(Stored items from a collection)

◆ ◆ ◆ ◆ ◆

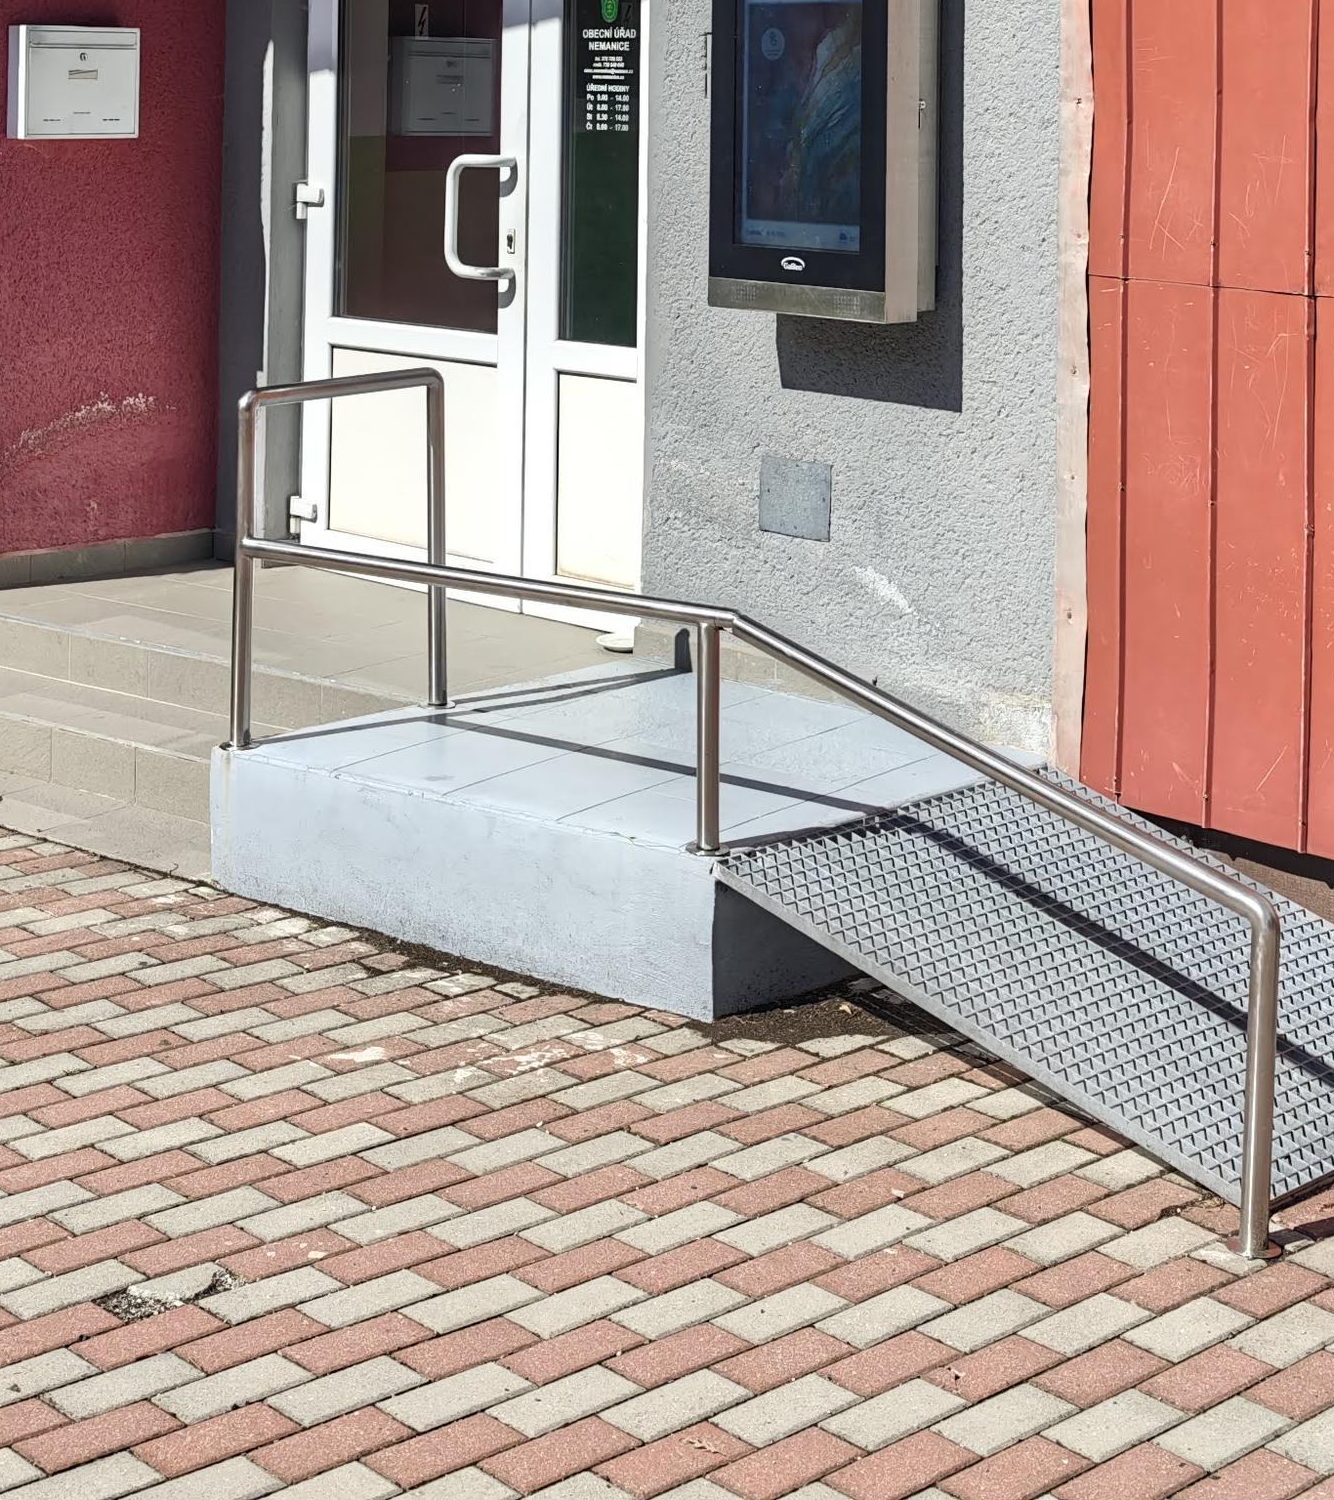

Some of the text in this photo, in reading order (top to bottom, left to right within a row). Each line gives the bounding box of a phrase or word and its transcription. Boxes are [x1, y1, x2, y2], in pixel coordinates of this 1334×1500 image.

[582, 26, 637, 38] OBECNÍ ÚŘAD
[588, 41, 630, 51] NEMANICE
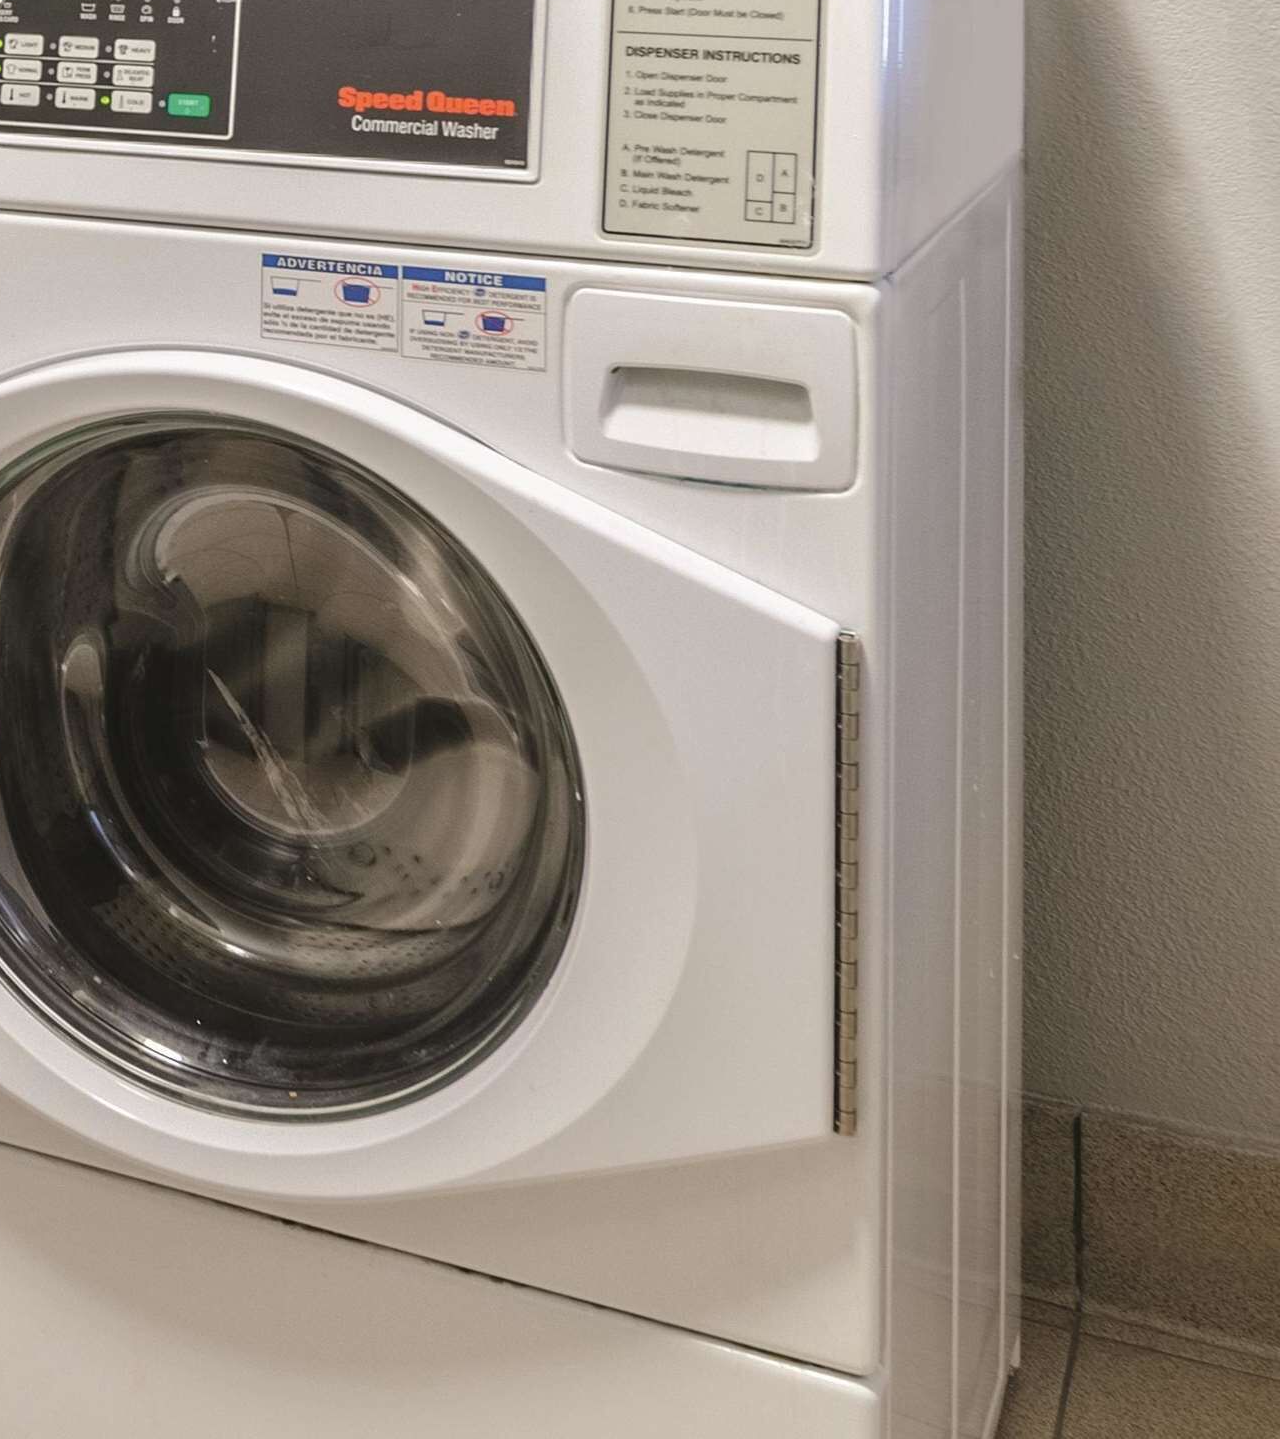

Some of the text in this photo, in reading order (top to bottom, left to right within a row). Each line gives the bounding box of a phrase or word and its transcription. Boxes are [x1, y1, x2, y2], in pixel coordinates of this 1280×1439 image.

[626, 46, 801, 64] DISPENSER INSTRUCTIONS
[338, 86, 515, 116] Speed Queen
[352, 114, 499, 140] Commercial Washer
[277, 257, 383, 275] ADVERTENCIA
[444, 271, 503, 286] NOTICE
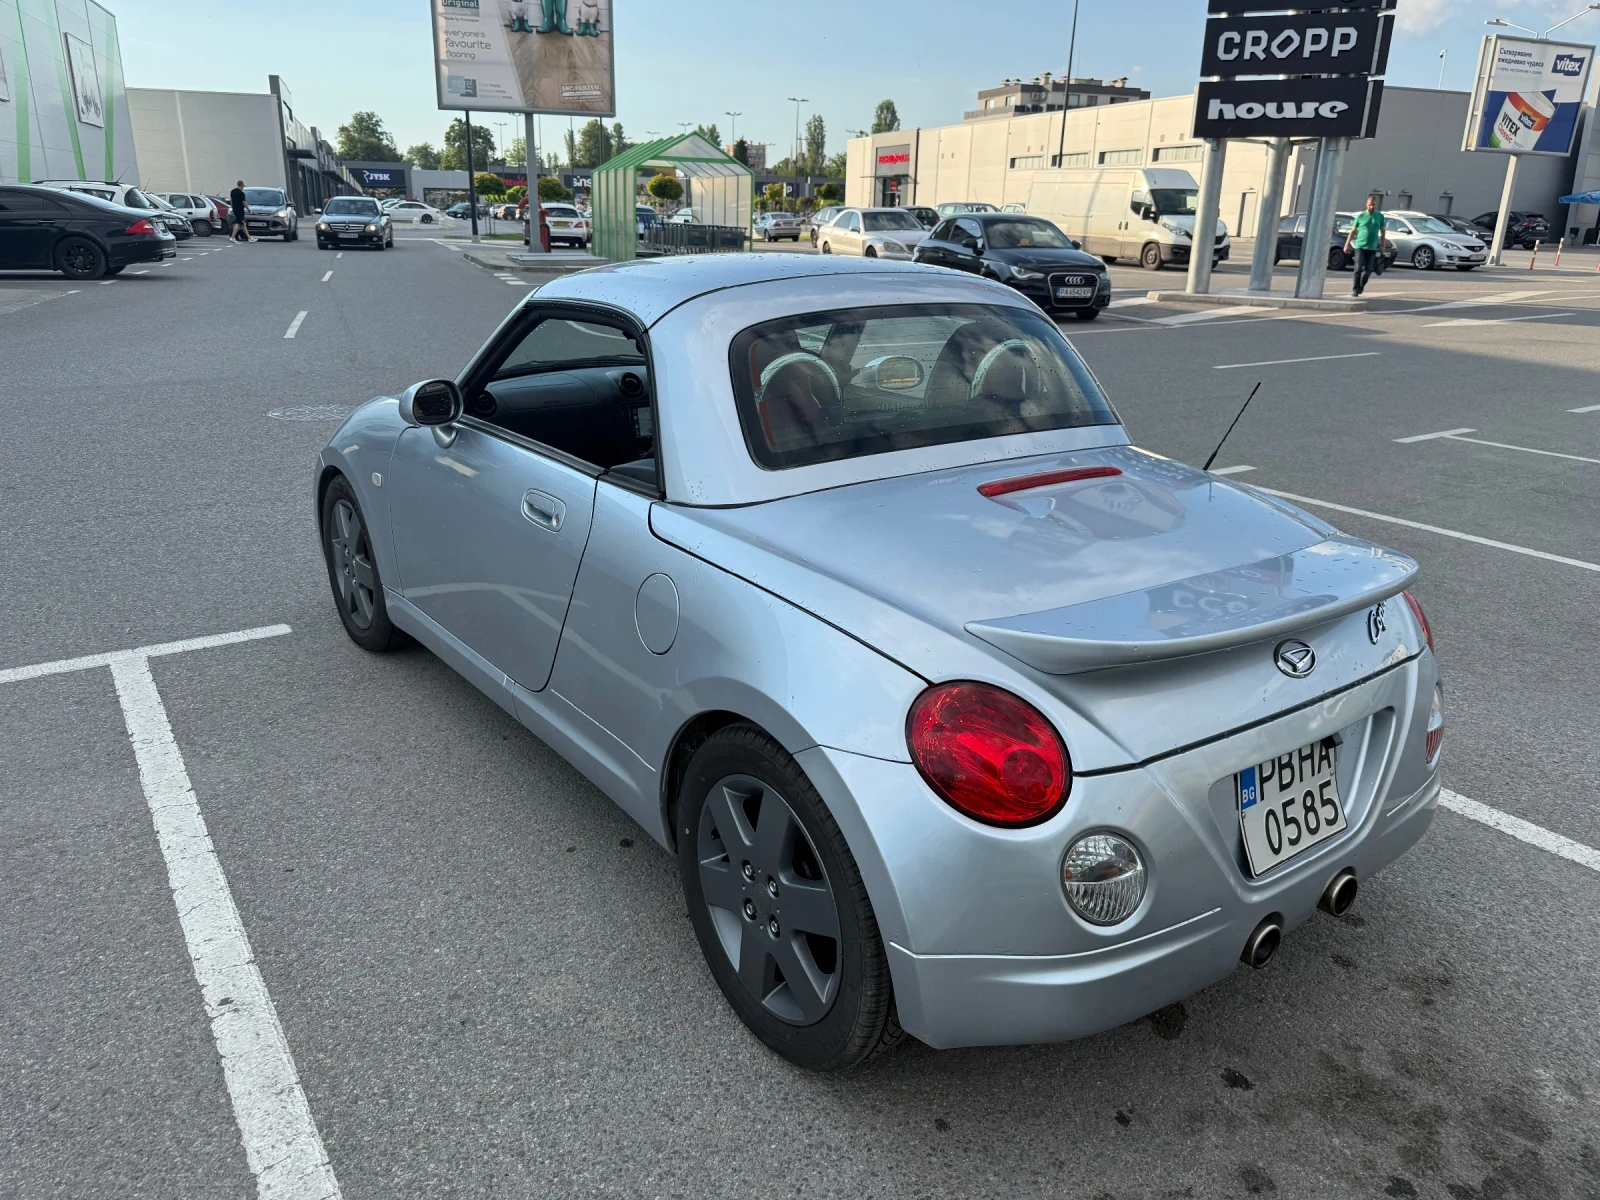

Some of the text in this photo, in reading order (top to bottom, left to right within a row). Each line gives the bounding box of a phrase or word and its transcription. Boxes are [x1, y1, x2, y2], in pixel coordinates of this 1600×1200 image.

[444, 30, 486, 38] everyone's
[445, 38, 492, 50] favourite
[1217, 27, 1358, 61] CROPP
[445, 50, 476, 60] flooring
[1556, 57, 1581, 72] vitex
[1207, 99, 1349, 120] house
[1502, 111, 1520, 138] VITEX
[1520, 113, 1534, 128] vitex
[1498, 122, 1513, 144] Classic
[369, 173, 391, 181] JYSK
[573, 176, 591, 187] sins
[1258, 743, 1332, 802] PBHA
[1242, 786, 1255, 803] BG
[1264, 779, 1339, 855] 0585

◆ ◆ ◆ ◆ ◆

WHAT TO PRODUCE: Once the pictures are set aside, reproduce the records in full and exactly.

TASK RESPONSE:
Some of the text in this photo, in reading order (top to bottom, left to right within a row). Each line gives the bounding box of a phrase or word and its transcription. Boxes are [x1, y1, x2, y2], in pixel coordinates of this 1334×1500 image.

[582, 26, 637, 38] OBECNÍ ÚŘAD
[588, 41, 630, 51] NEMANICE

Some of the text in this photo, in reading order (top to bottom, left to right within a row). Each line gives the bounding box of a phrase or word and its transcription. Boxes are [x1, y1, x2, y2], in pixel coordinates of this 1280×1439 image.

[626, 46, 801, 64] DISPENSER INSTRUCTIONS
[338, 86, 515, 116] Speed Queen
[352, 114, 499, 140] Commercial Washer
[277, 257, 383, 275] ADVERTENCIA
[444, 271, 503, 286] NOTICE

Some of the text in this photo, in reading order (top to bottom, left to right within a row). Each line gives the bounding box of a phrase or word and its transcription. Boxes are [x1, y1, x2, y2], in pixel coordinates of this 1600×1200 image.

[444, 30, 486, 38] everyone's
[445, 38, 492, 50] favourite
[1217, 27, 1358, 61] CROPP
[445, 50, 476, 60] flooring
[1556, 57, 1581, 72] vitex
[1207, 99, 1349, 120] house
[1502, 111, 1520, 138] VITEX
[1520, 113, 1534, 128] vitex
[1498, 122, 1513, 144] Classic
[369, 173, 391, 181] JYSK
[573, 176, 591, 187] sins
[1258, 743, 1332, 802] PBHA
[1242, 786, 1255, 803] BG
[1264, 779, 1339, 855] 0585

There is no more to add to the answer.